Dans l'un et l'autre cas, la sanction prononcée est de même nature. Un esprit simple conclurait que les faits sont sûrement identiques, du mois comparables, et que la sortie verbale de JMA est simplement un peu moins rugueuse que la saillie de Bernard Laporte. En vérité, il a été reproché aux deux personnages d'avoir critiqué vertement les coups de sifflet de l'arbitre lors d'une rencontre de championnat disputée par leurs poulains. Les qualifications exactes qui ont été retenues sont "Action contre un officiel" (art. 723.1.1) pour l'ex-ministre des sports et "Propos blessants et injurieux à l'encontre d'un officiel" (art. 2.4 I et 2.5 I) pour le Lyonnais. On rappellera les faits pour plus de clarté, en espérant que reproduire les déclarations ne fasse pas ipso jure de nous des complices ou des coauteurs...
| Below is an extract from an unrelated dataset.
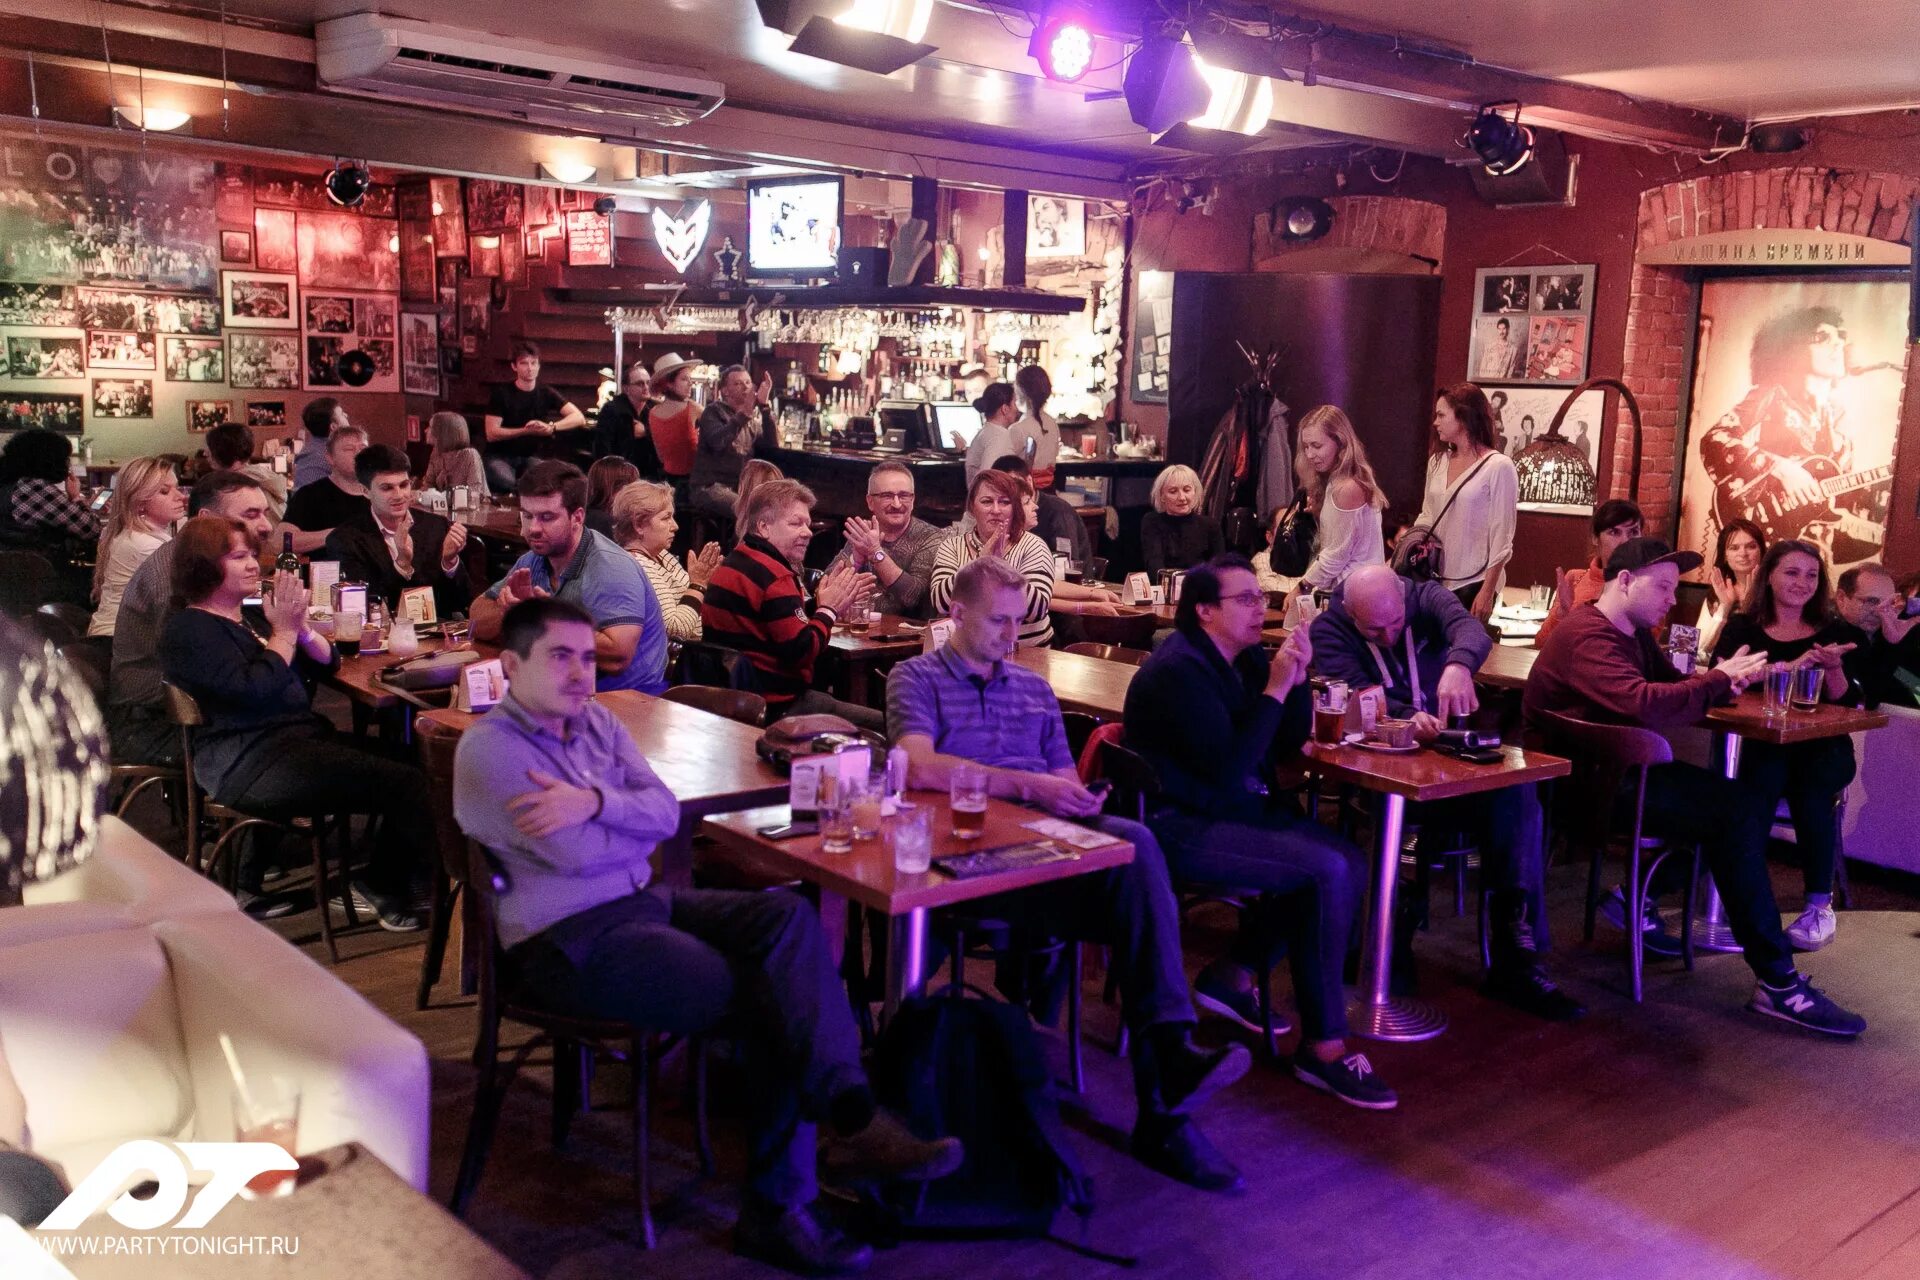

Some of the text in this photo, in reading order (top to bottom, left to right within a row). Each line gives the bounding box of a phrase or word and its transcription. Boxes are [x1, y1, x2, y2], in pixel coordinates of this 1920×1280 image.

[1767, 242, 1866, 261] ВРЕМЕНИ
[434, 500, 446, 509] 16
[1153, 590, 1159, 601] 7
[1784, 994, 1815, 1013] N
L'accusé Laporte a insulté l'arbitre de "con", ajoutant qu'il était "bidon" et qu'il comprenait "qu'avec des mecs comme (lui), on n'ait pas des désignations internationales" (NDLR : il n'y a plus d'arbitres français désignés par la fédération internationale pour diriger les rencontres entre nations de l'ovalie, et le coach toulonnais sous-entend que cette absence s'explique ni plus ni moins par leur profonde nullité).

Jean-Michel Aulas, quant à lui, a mis en doute l'impartialité de l'officiel, lui reprochant son "laxisme orienté", à l'issue d'un match à suspense qui n'aura ravi que les téléspectateurs (Lyon-PSG, 4-4 dont le dernier but égalisateur, marqué par Paris à la 94e minute, est resté en travers de la gorge du président). Sifflant, selon lui, à sens unique, il l'a soupçonné d'être trop aveuglé par "ce qui brille" et, partant, d'"incompétence".

Ni chaud ni froid

En principe, à ce stade, il suffit de regarder ce qu'il est inscrit dans la case en face de l'infraction pour deviner le contenu de la future sentence. Ainsi, la charte du rugby prévoit, en sus d'éventuelles amendes pour l'épris de justice et le club, 40 jours à 1 an de suspension en cas d'insulte à arbitre là où son équivalent pour le ballon rond prévoit entre 4 et 12 matchs de suspension. Si cette fourchette laisse place à l'appréciation des "juges", le contenu de la décision dépend en grande partie de la qualification effectivement retenue : le plafond de 4 matchs est ce qui sanctionne des propos blessants (entre 15 jours et 1 mois), celui de 12, des propos injurieux (entre 45 et 60 jours).

Voilà qui est étrange car, si le cas "Bernard Laporte" se situe bien dans la tranche prévue par les règlements, il est difficile de savoir si la sanction prononcée contre JMA est justifiée dans son quantum puisque l'unité de mesure prévue par le texte (le match) ne correspond pas à celle de la décision de la commission (le mois). Par ailleurs, la sanction est expressément prononcée en raison de propos "blessants et injurieux". Qu'est-ce à dire ? Faut-il cumuler les interdictions dans cette hypothèse ? On serait loin du compte ! Le moins que l'on puisse dire est que la commission de discipline de la LFP ne s'est pas vraiment embarrassée de cette question... En adepte de la légalité, tout cela me chagrine. On notera simplement que l'entraîneur de l'OL, également épinglé par la police, a lui écopé d'une sanction de 2 matchs avec sursis pour "propos blessants", ce qui correspond davantage au tarif prescrit.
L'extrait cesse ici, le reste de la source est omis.